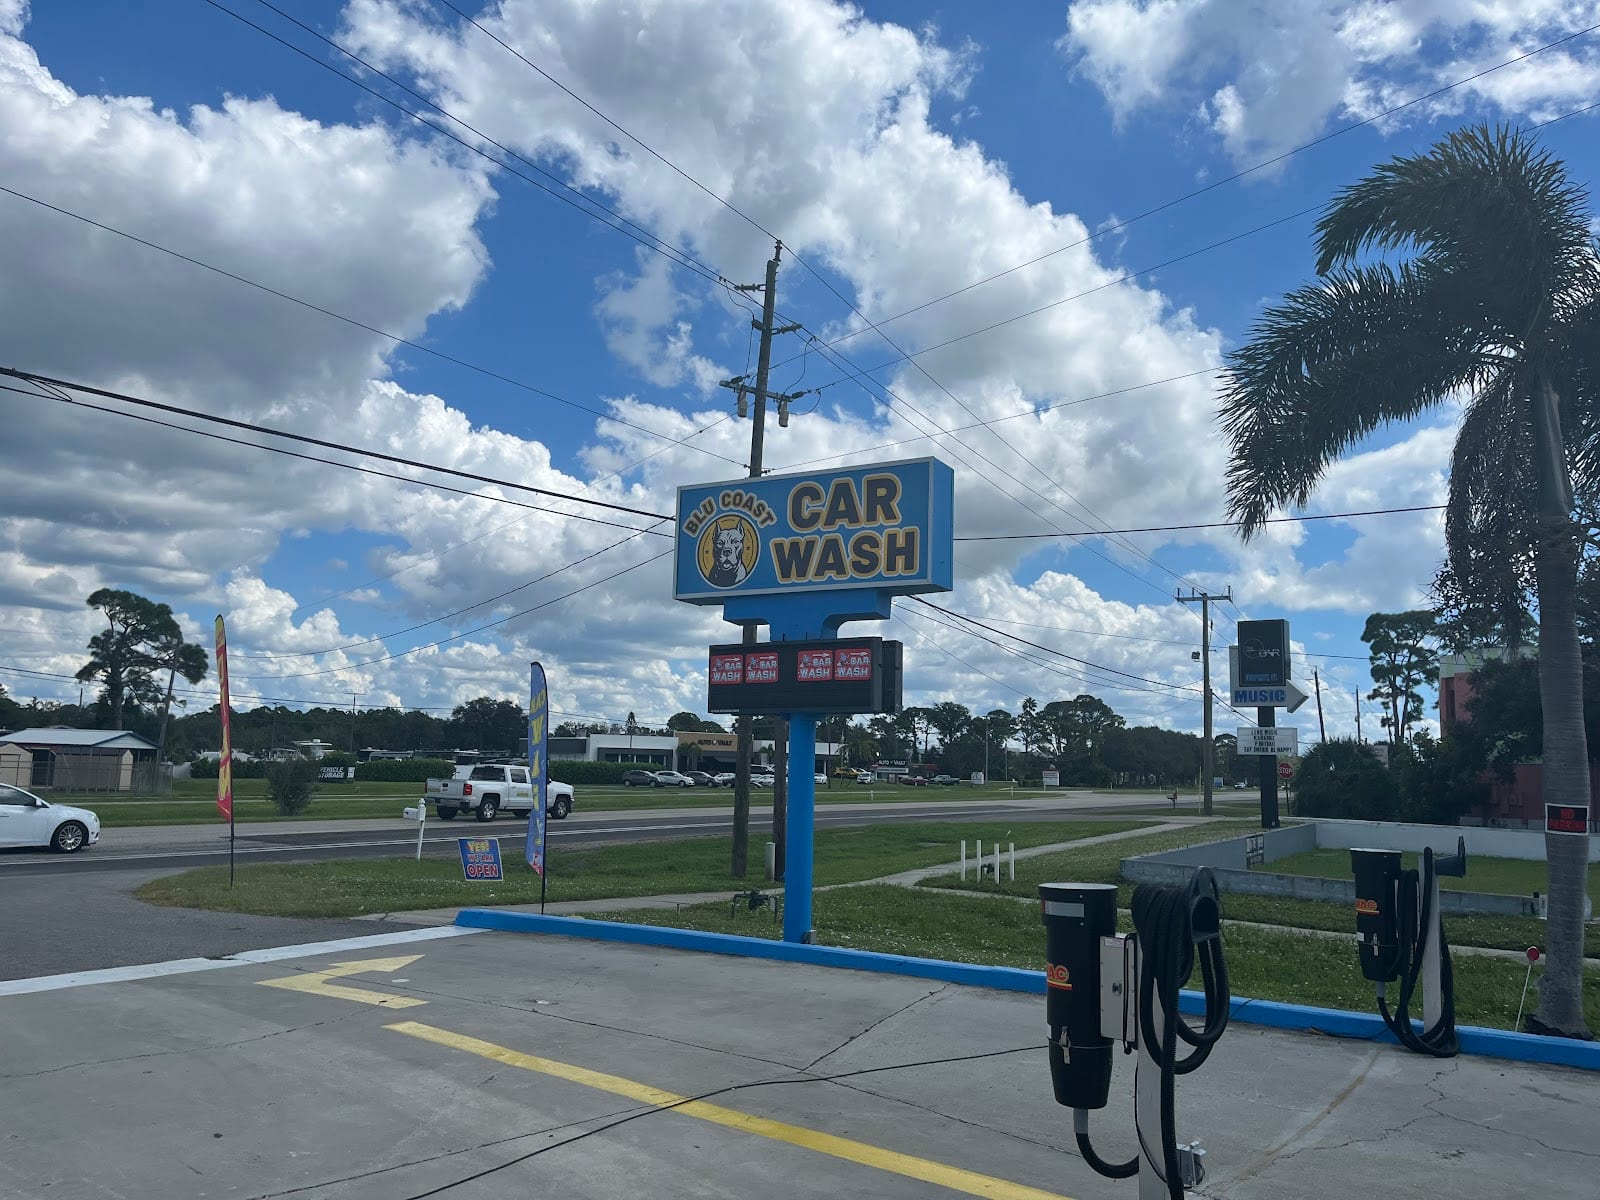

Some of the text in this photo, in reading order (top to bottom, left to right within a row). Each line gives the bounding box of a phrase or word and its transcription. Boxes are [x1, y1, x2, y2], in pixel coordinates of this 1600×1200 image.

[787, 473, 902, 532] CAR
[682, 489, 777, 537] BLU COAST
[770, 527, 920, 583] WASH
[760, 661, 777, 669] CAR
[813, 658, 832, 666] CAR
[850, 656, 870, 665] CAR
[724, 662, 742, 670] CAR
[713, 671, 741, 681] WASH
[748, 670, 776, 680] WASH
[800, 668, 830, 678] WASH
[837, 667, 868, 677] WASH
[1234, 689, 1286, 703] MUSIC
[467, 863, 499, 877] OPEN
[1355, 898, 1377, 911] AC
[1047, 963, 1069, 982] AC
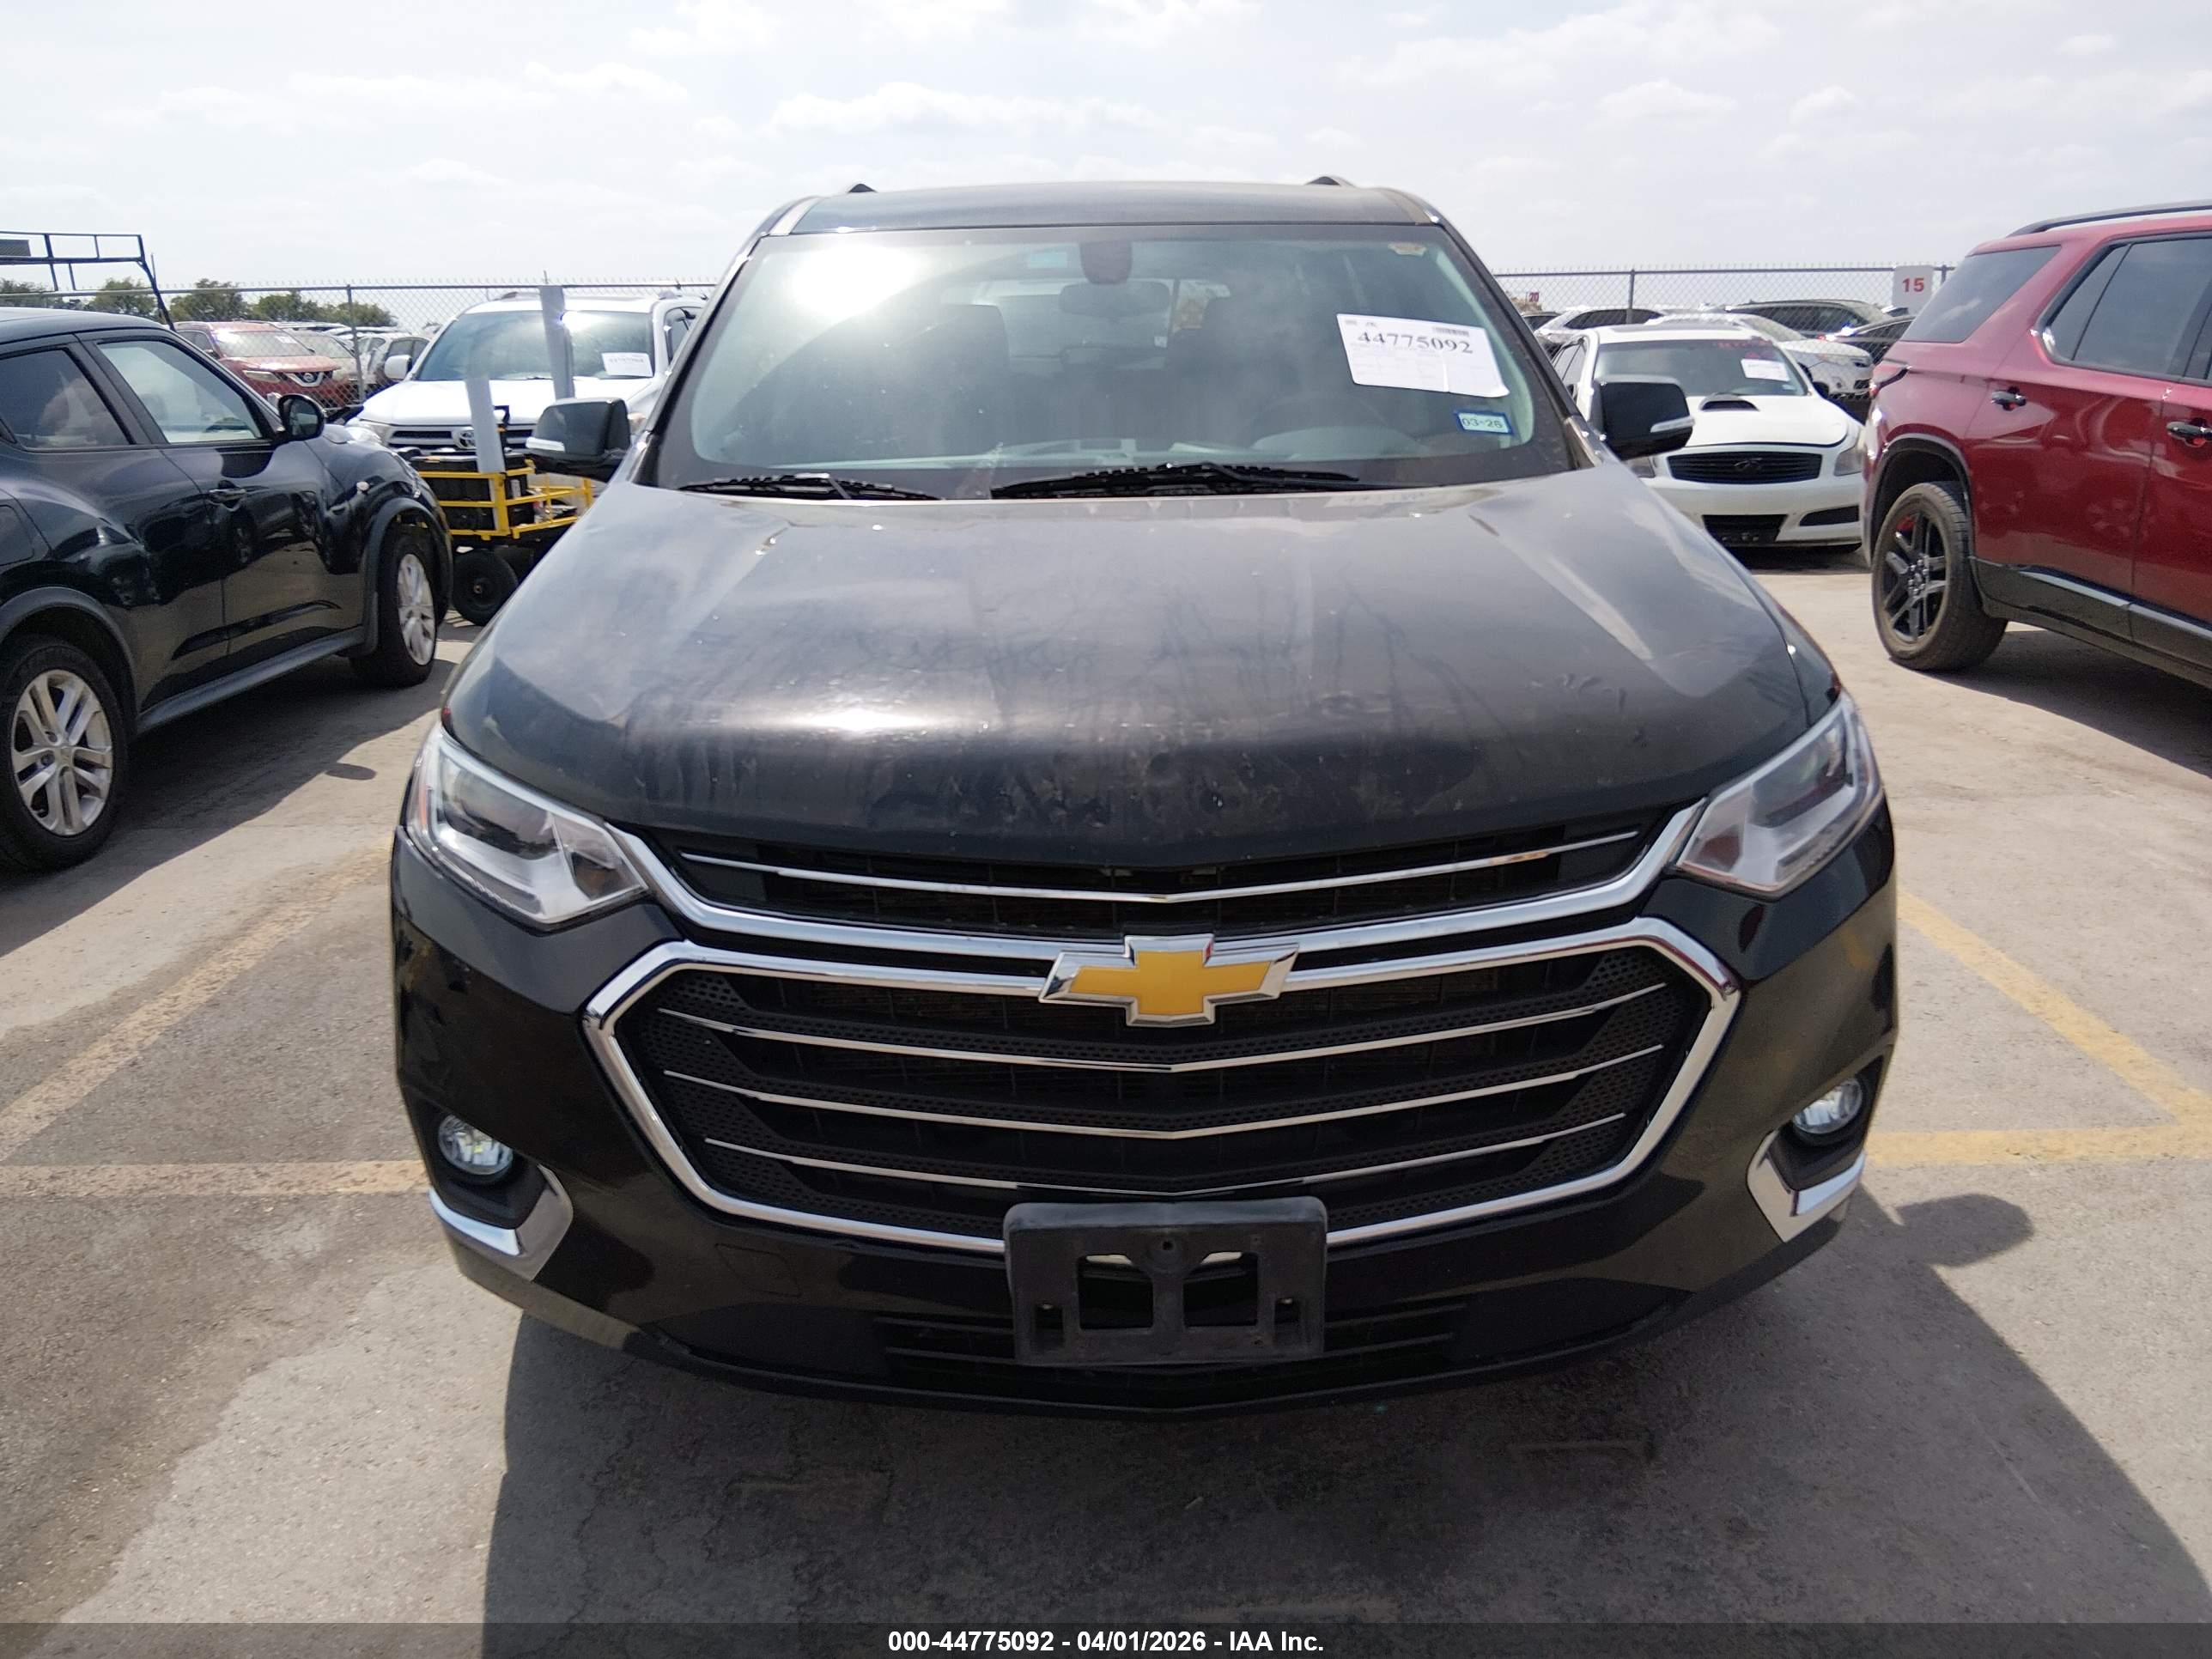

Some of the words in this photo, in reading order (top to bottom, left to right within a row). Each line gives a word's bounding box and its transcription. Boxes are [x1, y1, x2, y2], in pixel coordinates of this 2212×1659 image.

Work to complete: A word-for-word copy of every entry, with the pictures left out, is the required answer.

Exercise result:
Some of the text in this photo, in reading order (top to bottom, left to right within a row). Each line gives the bounding box of a phrase or word and its transcription. Boxes are [x1, y1, x2, y2], in pixel coordinates of this 1600×1200 image.

[787, 473, 902, 532] CAR
[682, 489, 777, 537] BLU COAST
[770, 527, 920, 583] WASH
[760, 661, 777, 669] CAR
[813, 658, 832, 666] CAR
[850, 656, 870, 665] CAR
[724, 662, 742, 670] CAR
[713, 671, 741, 681] WASH
[748, 670, 776, 680] WASH
[800, 668, 830, 678] WASH
[837, 667, 868, 677] WASH
[1234, 689, 1286, 703] MUSIC
[467, 863, 499, 877] OPEN
[1355, 898, 1377, 911] AC
[1047, 963, 1069, 982] AC

Some of the words in this photo, in reading order (top to bottom, left to right within a row). Each line gives a word's bounding box and its transcription. Boxes are [x1, y1, x2, y2], in pixel coordinates of this 2212×1659 image.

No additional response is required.